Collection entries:
■ ■ ■ ■ ■ ■ ■

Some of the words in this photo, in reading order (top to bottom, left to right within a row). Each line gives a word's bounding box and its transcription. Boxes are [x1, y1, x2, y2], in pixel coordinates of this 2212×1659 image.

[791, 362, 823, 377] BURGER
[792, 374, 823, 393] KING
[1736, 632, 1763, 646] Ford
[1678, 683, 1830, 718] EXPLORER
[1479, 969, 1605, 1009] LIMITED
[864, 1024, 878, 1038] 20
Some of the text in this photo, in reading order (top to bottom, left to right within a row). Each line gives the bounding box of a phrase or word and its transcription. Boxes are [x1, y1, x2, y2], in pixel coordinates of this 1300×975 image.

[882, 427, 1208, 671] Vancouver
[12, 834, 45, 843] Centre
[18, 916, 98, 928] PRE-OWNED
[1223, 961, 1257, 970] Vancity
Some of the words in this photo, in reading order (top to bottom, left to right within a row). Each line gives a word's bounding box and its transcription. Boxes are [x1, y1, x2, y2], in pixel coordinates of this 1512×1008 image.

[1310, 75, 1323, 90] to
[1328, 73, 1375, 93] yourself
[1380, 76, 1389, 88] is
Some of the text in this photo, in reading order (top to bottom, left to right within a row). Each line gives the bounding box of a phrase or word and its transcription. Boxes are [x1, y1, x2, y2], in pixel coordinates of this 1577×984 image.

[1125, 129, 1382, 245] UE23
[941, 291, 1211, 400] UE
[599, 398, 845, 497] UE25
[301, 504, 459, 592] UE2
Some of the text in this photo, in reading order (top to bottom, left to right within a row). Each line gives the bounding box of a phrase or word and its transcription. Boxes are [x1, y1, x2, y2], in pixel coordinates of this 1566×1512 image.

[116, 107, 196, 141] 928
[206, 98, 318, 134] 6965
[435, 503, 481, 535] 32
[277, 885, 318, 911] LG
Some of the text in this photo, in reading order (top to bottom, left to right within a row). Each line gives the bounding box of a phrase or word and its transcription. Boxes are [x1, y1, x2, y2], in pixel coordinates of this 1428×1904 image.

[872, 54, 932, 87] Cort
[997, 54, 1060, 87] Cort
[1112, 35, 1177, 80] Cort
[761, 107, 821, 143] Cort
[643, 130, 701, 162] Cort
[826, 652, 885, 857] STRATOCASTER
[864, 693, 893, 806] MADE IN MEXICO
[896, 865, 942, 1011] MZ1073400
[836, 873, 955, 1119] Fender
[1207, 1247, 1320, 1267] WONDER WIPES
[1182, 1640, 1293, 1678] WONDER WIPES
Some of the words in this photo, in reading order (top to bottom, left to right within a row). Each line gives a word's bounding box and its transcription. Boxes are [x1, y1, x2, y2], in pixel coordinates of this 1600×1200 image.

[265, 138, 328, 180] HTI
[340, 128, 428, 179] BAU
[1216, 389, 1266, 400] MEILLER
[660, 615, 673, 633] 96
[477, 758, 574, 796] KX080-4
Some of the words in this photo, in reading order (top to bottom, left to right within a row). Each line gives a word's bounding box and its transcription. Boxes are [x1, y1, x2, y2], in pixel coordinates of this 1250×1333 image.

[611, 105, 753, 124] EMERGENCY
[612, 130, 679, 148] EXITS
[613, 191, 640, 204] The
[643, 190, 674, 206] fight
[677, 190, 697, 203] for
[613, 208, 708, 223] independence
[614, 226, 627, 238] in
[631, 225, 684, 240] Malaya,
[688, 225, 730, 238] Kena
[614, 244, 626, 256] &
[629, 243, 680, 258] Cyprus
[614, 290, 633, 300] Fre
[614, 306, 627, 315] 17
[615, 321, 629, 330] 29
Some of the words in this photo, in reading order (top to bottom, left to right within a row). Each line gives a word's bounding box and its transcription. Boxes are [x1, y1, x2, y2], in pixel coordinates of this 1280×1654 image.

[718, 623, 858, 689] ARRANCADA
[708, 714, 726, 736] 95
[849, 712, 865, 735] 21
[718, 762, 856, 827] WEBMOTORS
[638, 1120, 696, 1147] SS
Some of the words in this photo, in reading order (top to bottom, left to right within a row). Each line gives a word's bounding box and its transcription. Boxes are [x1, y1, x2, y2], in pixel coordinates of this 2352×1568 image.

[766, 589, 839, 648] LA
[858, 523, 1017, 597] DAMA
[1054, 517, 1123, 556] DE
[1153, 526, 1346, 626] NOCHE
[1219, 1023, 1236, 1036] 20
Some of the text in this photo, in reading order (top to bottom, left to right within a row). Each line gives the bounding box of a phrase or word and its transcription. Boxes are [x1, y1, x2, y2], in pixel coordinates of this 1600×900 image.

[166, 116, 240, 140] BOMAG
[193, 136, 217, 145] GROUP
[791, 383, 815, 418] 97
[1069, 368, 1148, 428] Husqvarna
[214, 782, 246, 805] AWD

■ ■ ■ ■ ■ ■ ■

Aim of the exercise: From the line holding "this 1600×900 image." to the final line of the data, output each line exactly and nothing more.

Expected answer:
Some of the text in this photo, in reading order (top to bottom, left to right within a row). Each line gives the bounding box of a phrase or word and its transcription. Boxes are [x1, y1, x2, y2], in pixel coordinates of this 1600×900 image.

[166, 116, 240, 140] BOMAG
[193, 136, 217, 145] GROUP
[791, 383, 815, 418] 97
[1069, 368, 1148, 428] Husqvarna
[214, 782, 246, 805] AWD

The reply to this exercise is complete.